■ **TASK PROMPT**
Every record should be restated exactly, with no images included.

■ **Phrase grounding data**
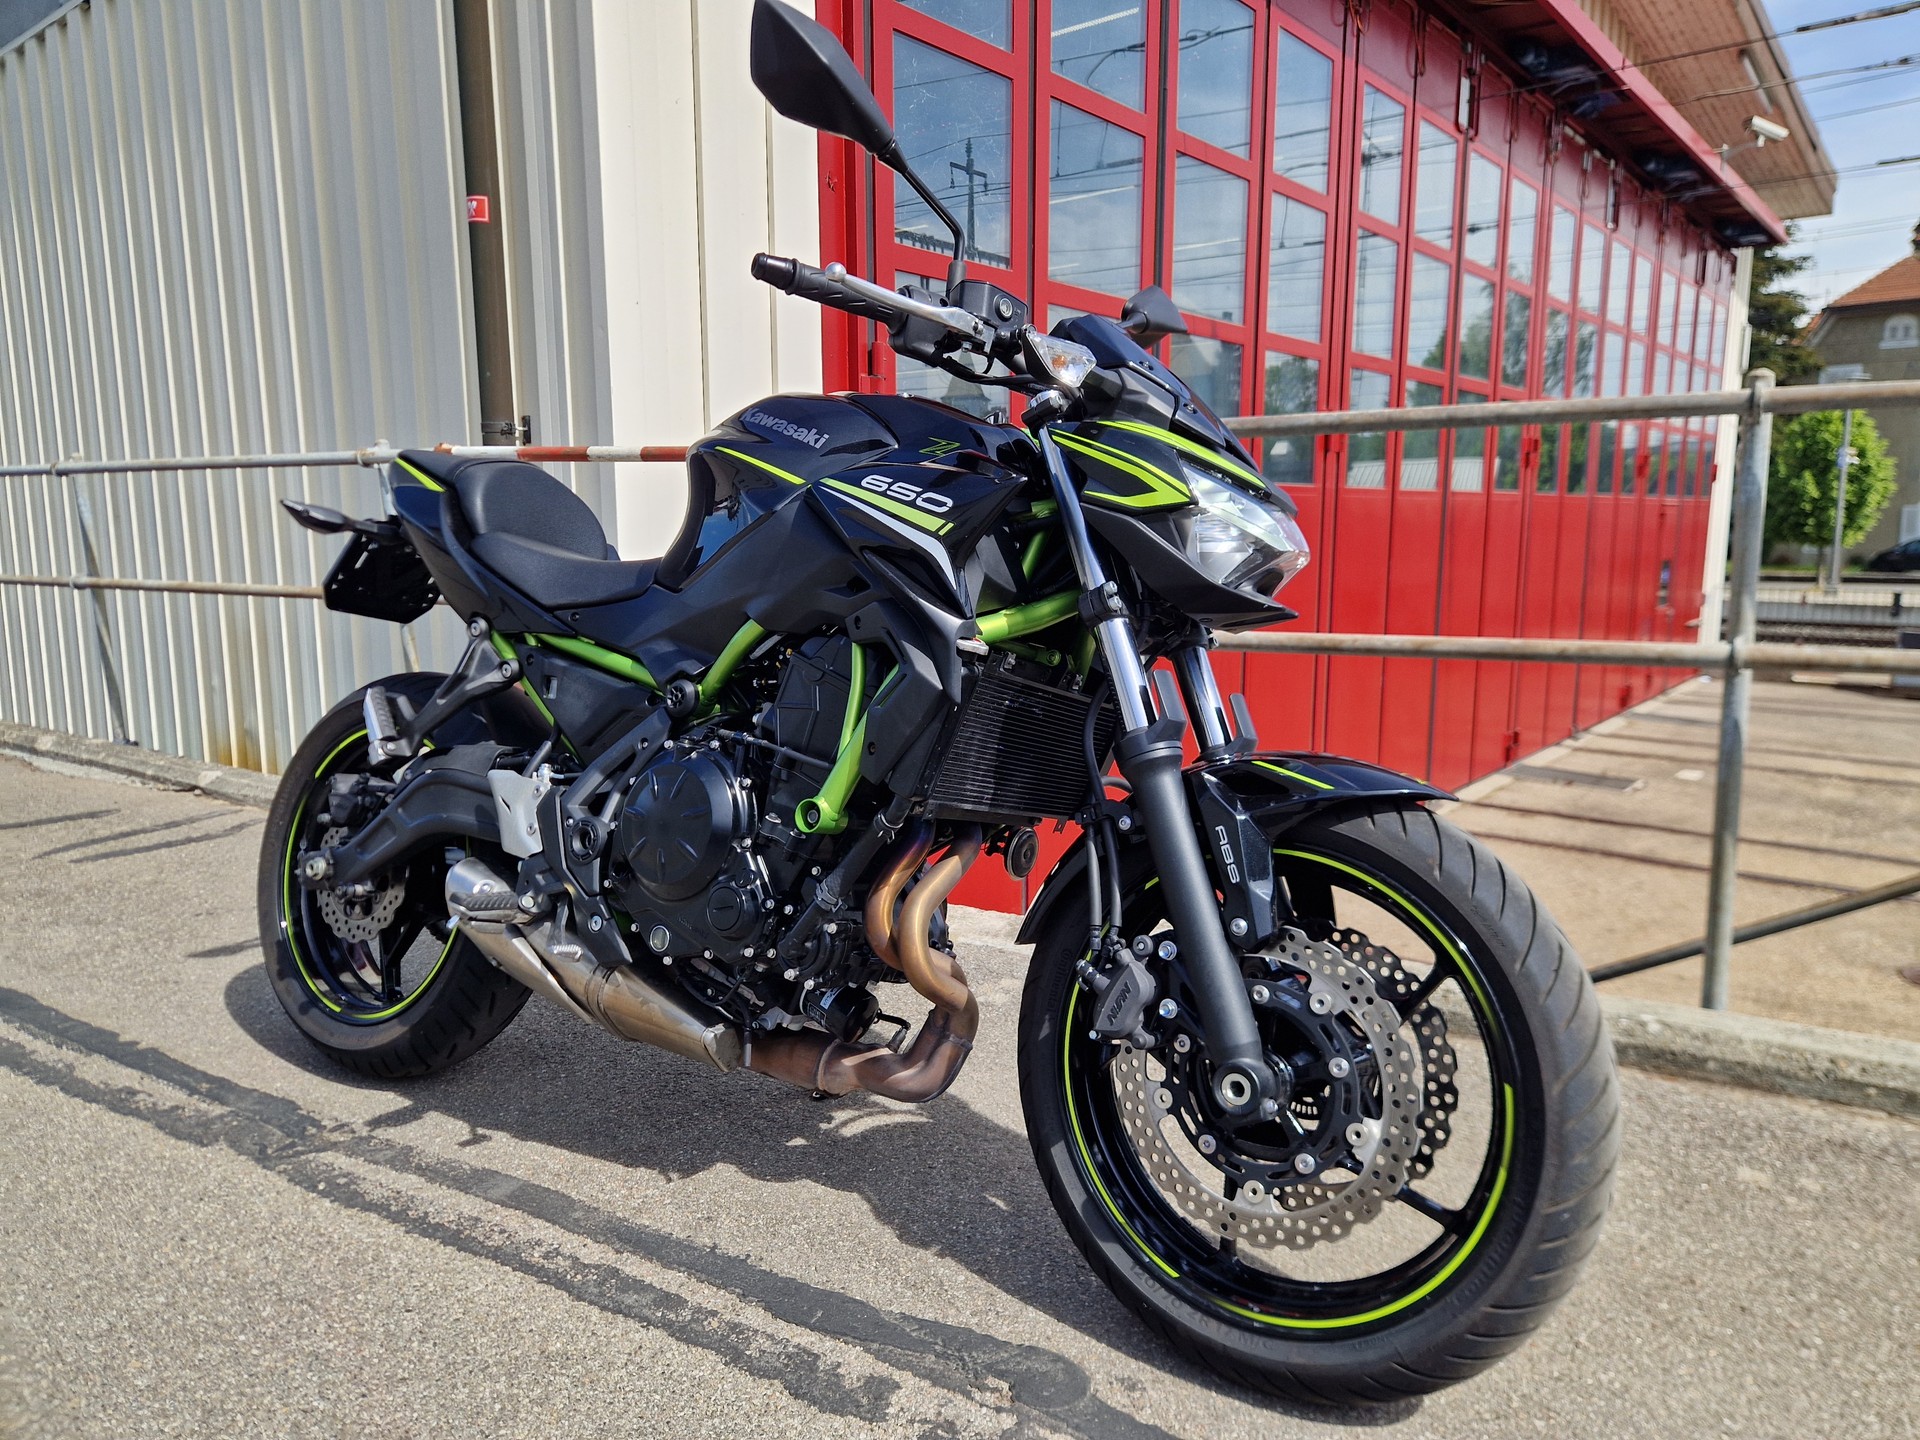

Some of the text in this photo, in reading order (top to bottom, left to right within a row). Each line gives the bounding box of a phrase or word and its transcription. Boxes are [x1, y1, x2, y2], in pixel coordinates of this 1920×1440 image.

[741, 408, 829, 449] Kawasaki
[919, 437, 961, 456] Z
[861, 475, 952, 513] 650
[1215, 825, 1240, 882] ABS
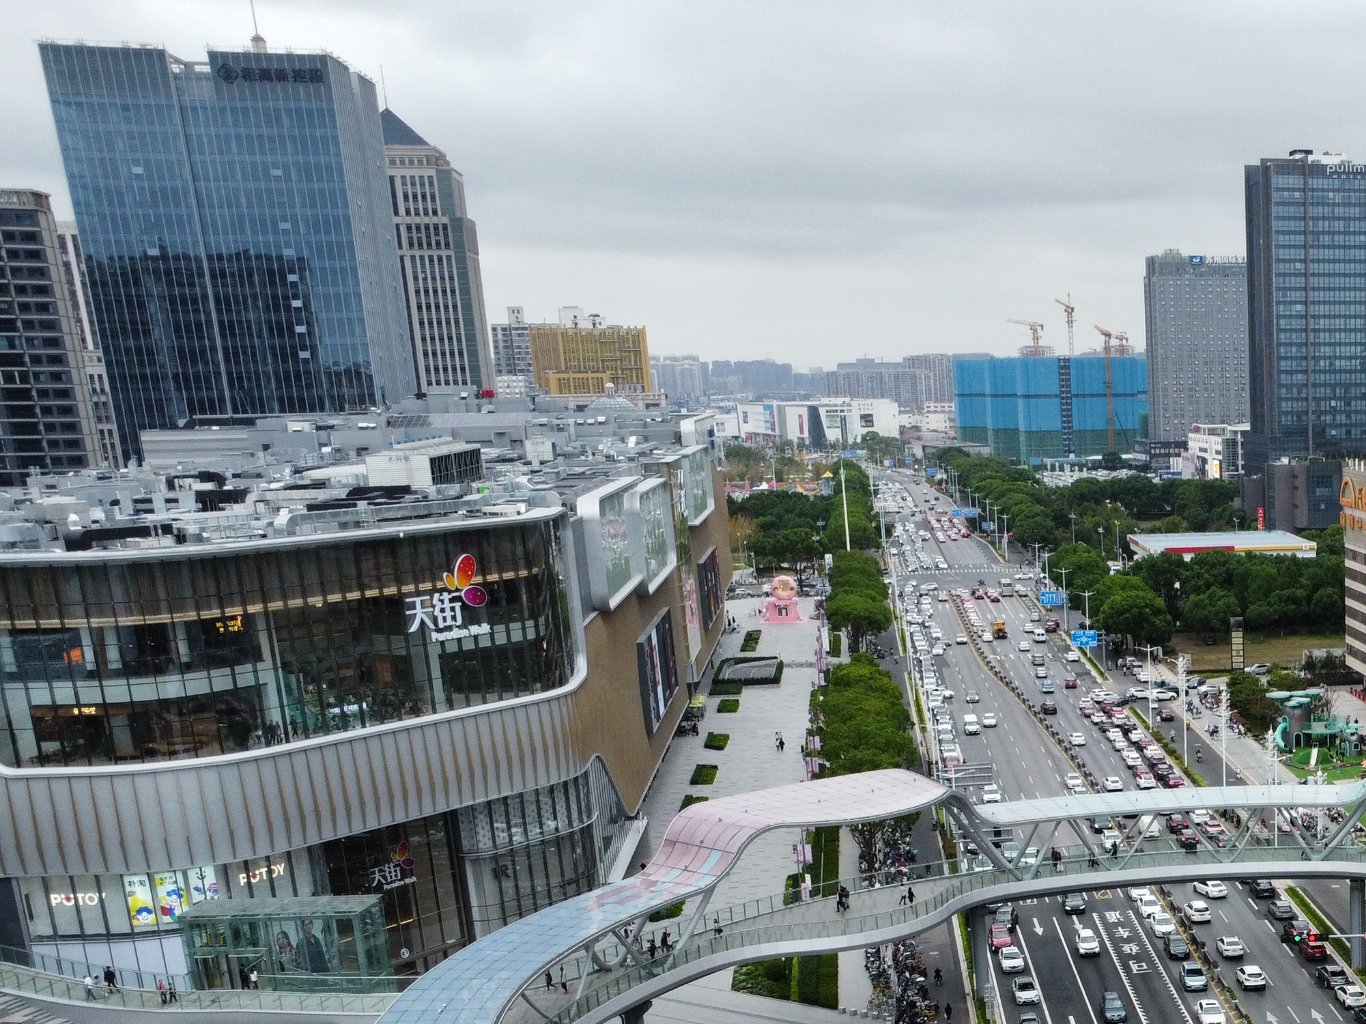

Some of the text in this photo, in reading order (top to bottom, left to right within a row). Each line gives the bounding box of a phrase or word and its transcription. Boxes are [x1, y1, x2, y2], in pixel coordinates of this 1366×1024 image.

[405, 592, 463, 633] 天街
[468, 623, 492, 636] Walk
[370, 862, 401, 887] 天街

■ **EXPECTED OUTPUT**
Some of the text in this photo, in reading order (top to bottom, left to right within a row). Each line gives the bounding box of a phrase or word and its transcription. Boxes are [x1, y1, x2, y2], in pixel coordinates of this 1920×1440 image.

[741, 408, 829, 449] Kawasaki
[919, 437, 961, 456] Z
[861, 475, 952, 513] 650
[1215, 825, 1240, 882] ABS

Some of the text in this photo, in reading order (top to bottom, left to right within a row). Each line gives the bounding box of a phrase or word and its transcription. Boxes are [x1, y1, x2, y2], in pixel coordinates of this 1366×1024 image.

[405, 592, 463, 633] 天街
[468, 623, 492, 636] Walk
[370, 862, 401, 887] 天街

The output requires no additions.